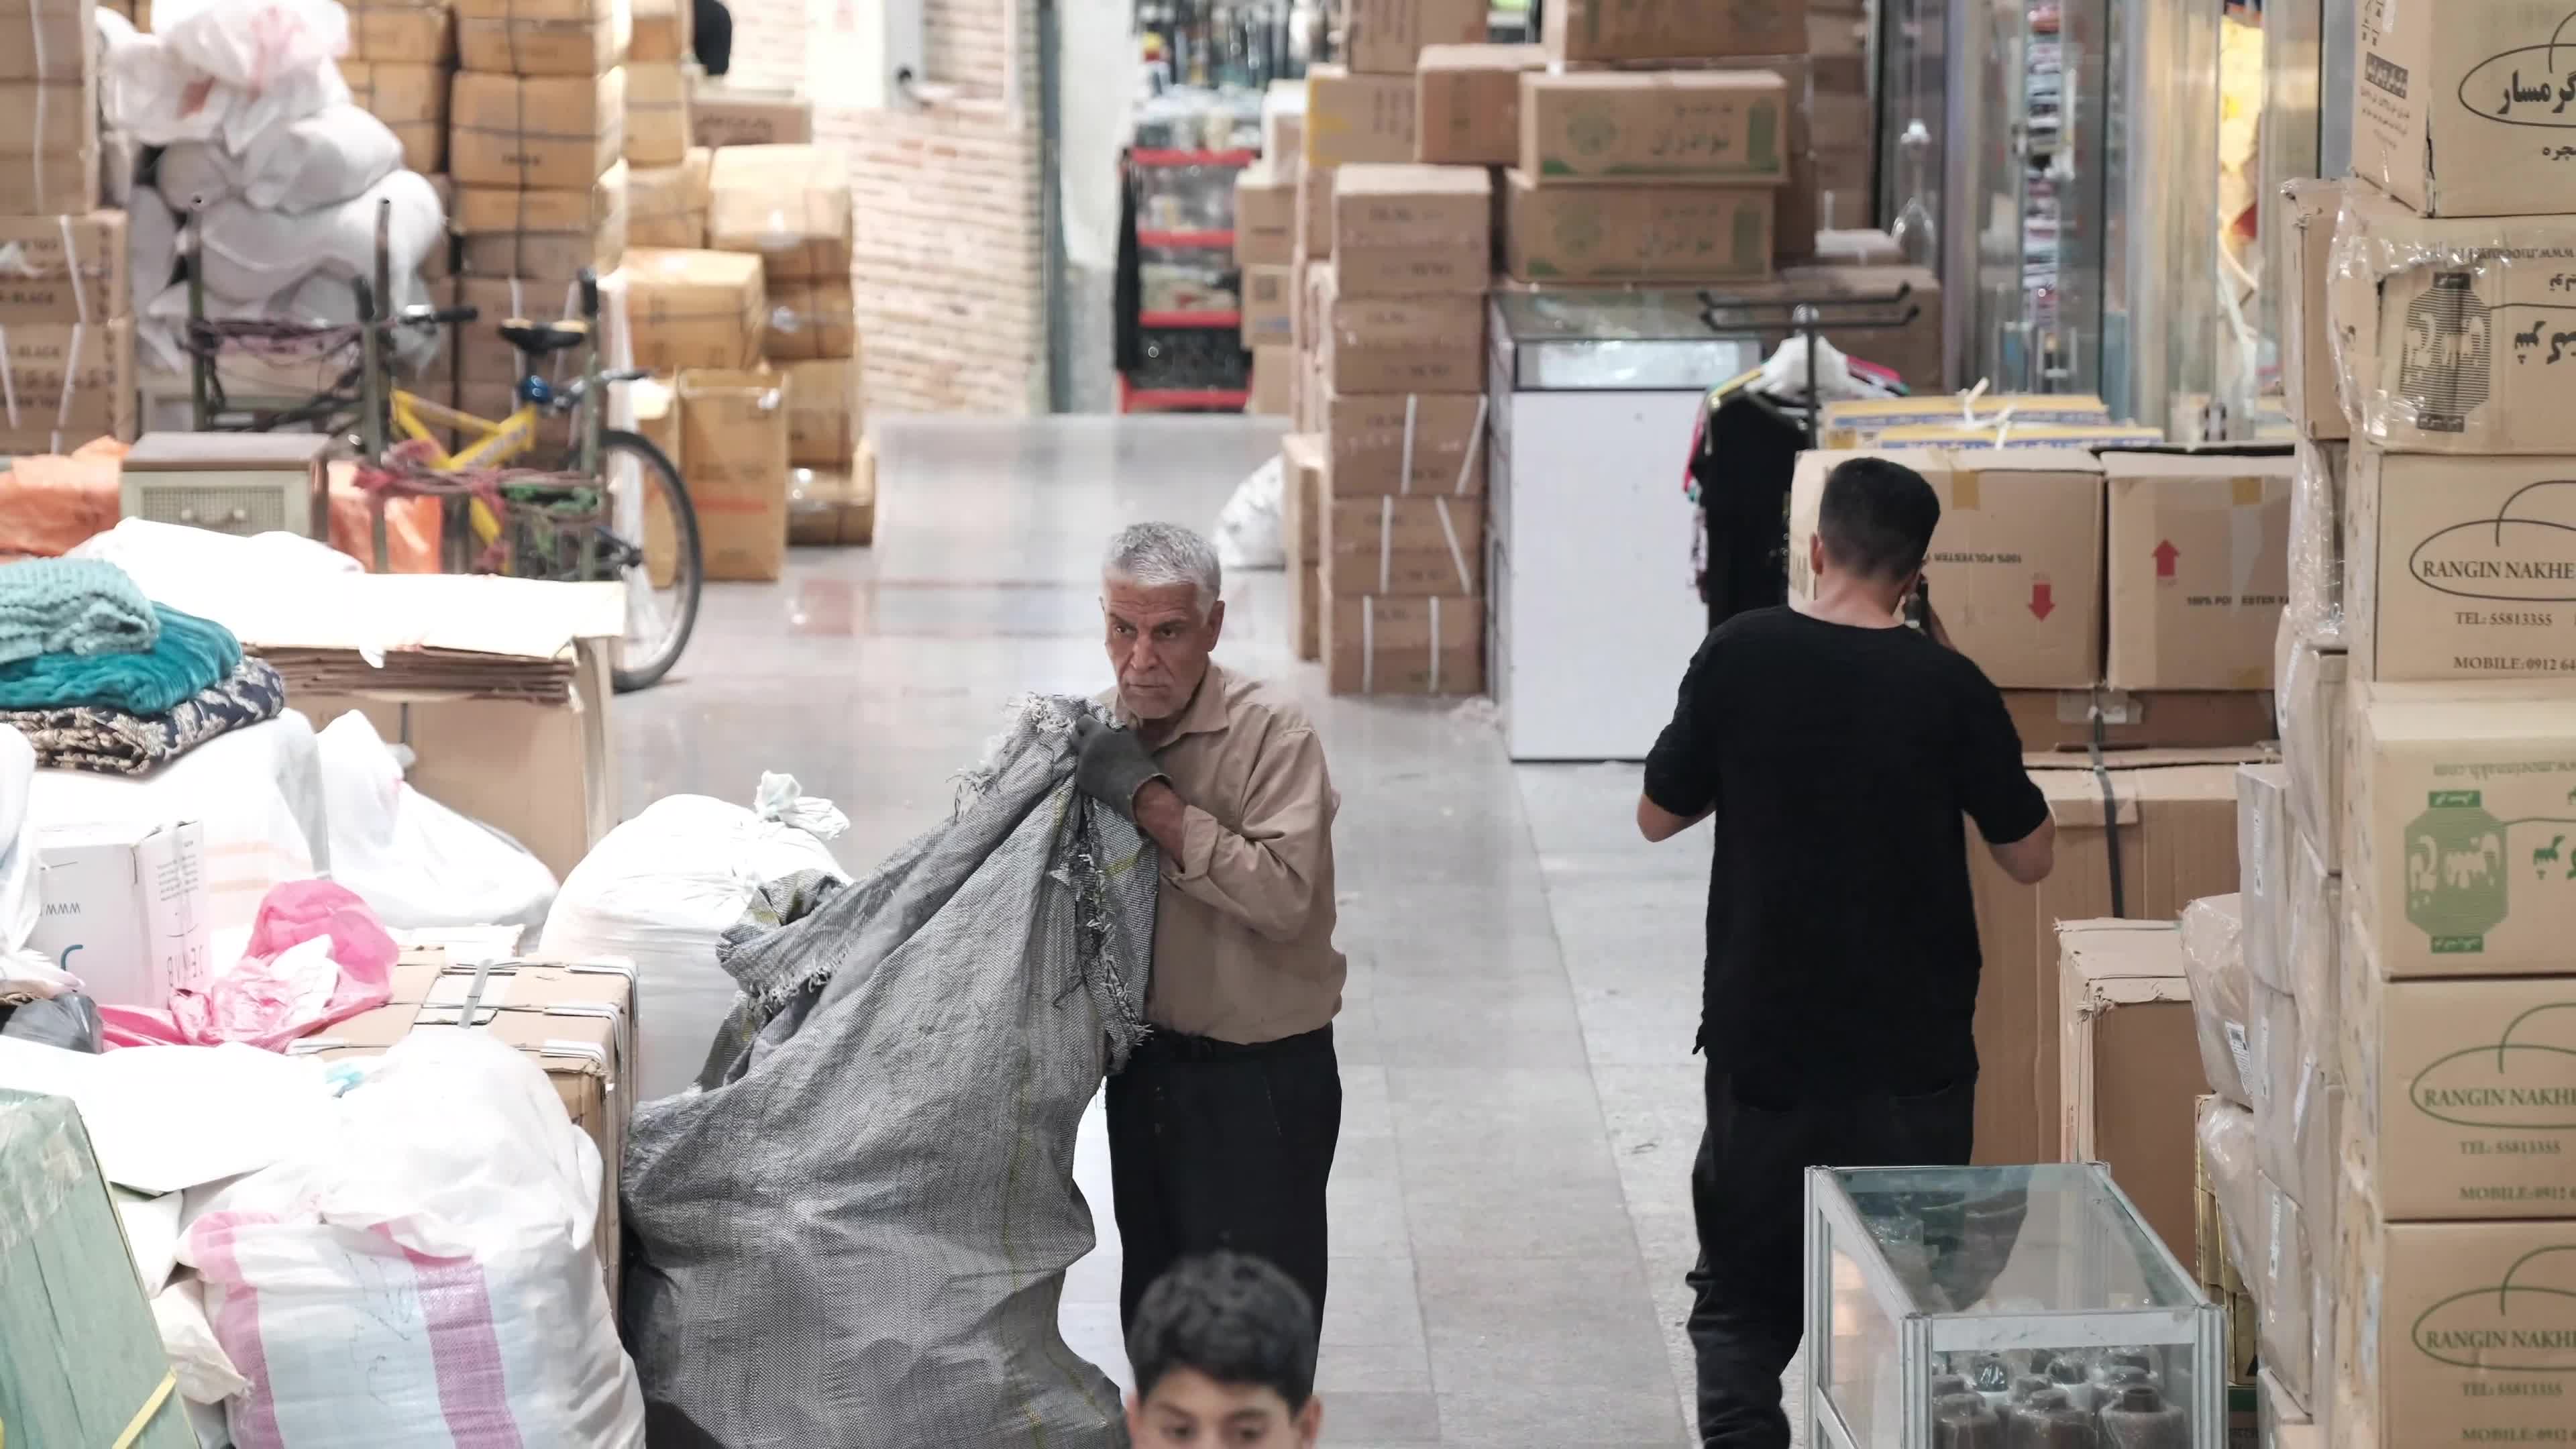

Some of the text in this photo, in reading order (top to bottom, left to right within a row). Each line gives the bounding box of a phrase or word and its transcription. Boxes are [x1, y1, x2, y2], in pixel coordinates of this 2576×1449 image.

[2422, 560, 2502, 578] RANGIN
[2455, 612, 2486, 625] TEL:
[2423, 1088, 2506, 1106] RANGIN
[2426, 1330, 2507, 1348] RANGIN

+-------+

* [Exercise instructions] Although the records include pictures, output only their text, exactly and completely.

* [The completed task]
Some of the text in this photo, in reading order (top to bottom, left to right within a row). Each line gives the bounding box of a phrase or word and its transcription. Boxes are [x1, y1, x2, y2], in pixel coordinates of this 2576×1449 image.

[2422, 560, 2502, 578] RANGIN
[2455, 612, 2486, 625] TEL:
[2423, 1088, 2506, 1106] RANGIN
[2426, 1330, 2507, 1348] RANGIN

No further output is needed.